婚姻費用の減額の成功させるポイントを弁護士が解説

  


婚姻費用は離婚が成立するまでの生活費です。

そのため、一時的なものに過ぎないと思っていらっしゃる方もいるでしょう。

しかし、婚姻費用の合意は、その後の養育費、財産分与、慰謝料等の離婚条件や離婚そのものにも影響を及ぼすことがあります。

また、離婚協議や裁判などが長期化すると、毎月支払う婚姻費用は大きな負担となります。

したがって、婚姻費用については適正な金額か否かを見極めることが重要です。

ここでは、婚姻費用の減額を成功させるポイント・方法のほか、減額したいときのNGな行動や減額に必要となる弁護士費用等をご紹介しています。

離婚問題に注力する弁護士がわかりやすく解説していきますので、婚姻費用の支払いに困っている方はぜひ参考になさってください。

婚姻費用を減額する7つのポイント

まず、婚姻費用を減額するために押さえておくべき重要なポイントについて解説します。

婚姻費用を減額するために、まずは本来の相場(適正額)を調べましょう。

適正額がいくらなのかを理解していなければ、そもそも高額なのか、低額なのかの区別がつかないためです。

婚姻費用の適正額は、夫婦の年収で判定されます。

ここで、ポイントとなるのは年収についての理解です。

誤解がとても多いので注意が必要です。

例えば、給与所得者の場合、手取り額ではなく、税込みの年収で判断します。

また、高額所得者、自営業者及び不動産所得などの副収入がある者の場合、確定申告書を調査して実質年収を判断する必要があります。

さらに、次のような場合、収入をどのように考えるのかが難しく、専門的な判断が必要となります。
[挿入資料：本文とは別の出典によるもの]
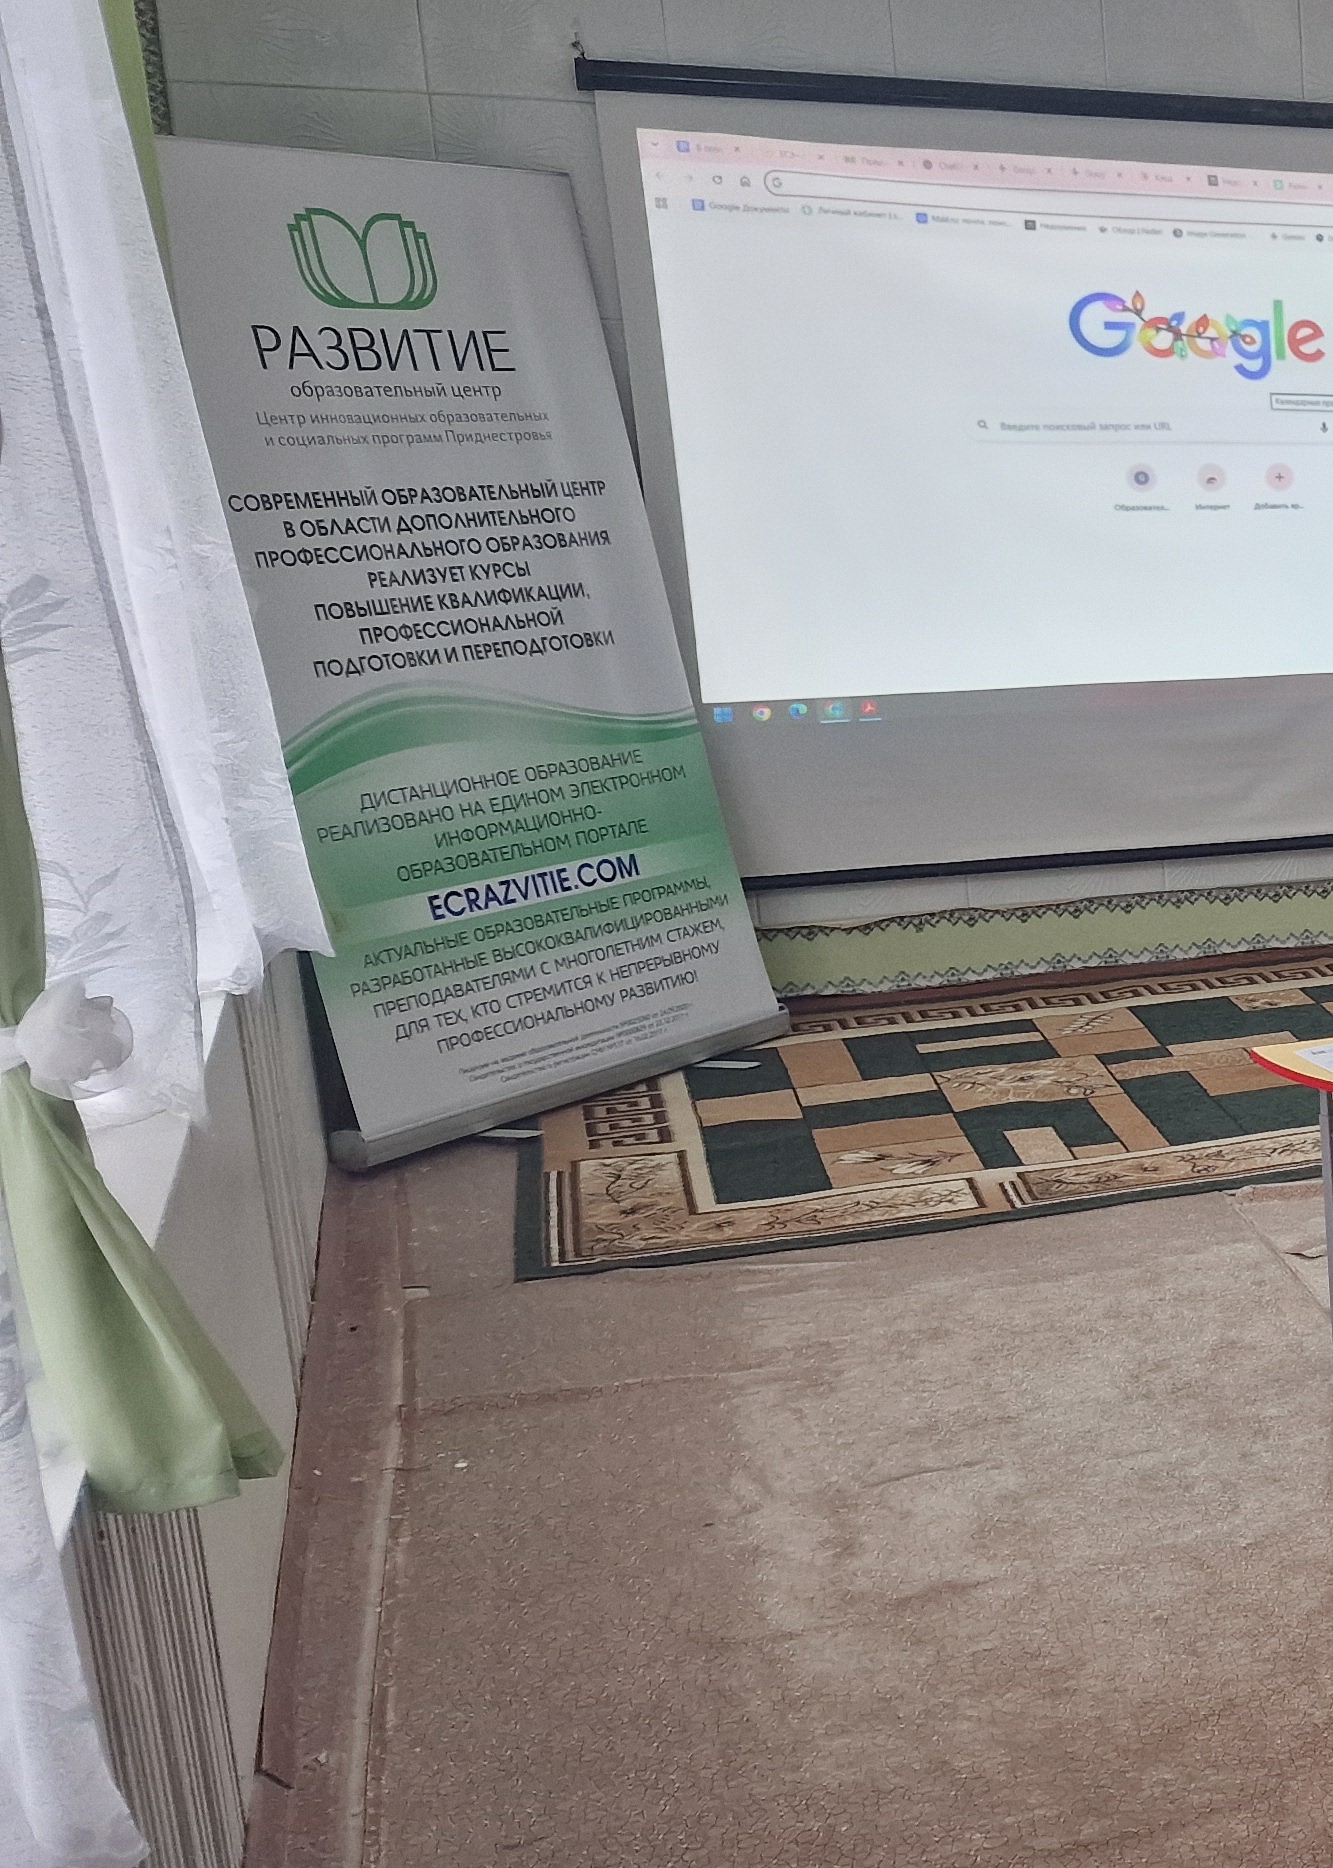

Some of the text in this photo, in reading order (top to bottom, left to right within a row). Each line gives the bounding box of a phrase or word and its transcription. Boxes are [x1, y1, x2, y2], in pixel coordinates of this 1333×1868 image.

  • 同居中専業主婦だった相手が別居後、就職している場合
  • 相手がパートから正社員に変わっている場合
  • 育休中の収入が一時的に減少している場合など

このように、専門的な知識がなければ、実質収入を的確に判断することは難しいです。

したがって、離婚に強い弁護士に助言を求め、アドバイスを受けるとよいでしょう。

当事務所では、婚姻費用の金額を調べたい方のために、婚姻費用の診断サービスをご提供しています。

婚姻費用の診断サービスの内容や方法については、こちらを御覧ください。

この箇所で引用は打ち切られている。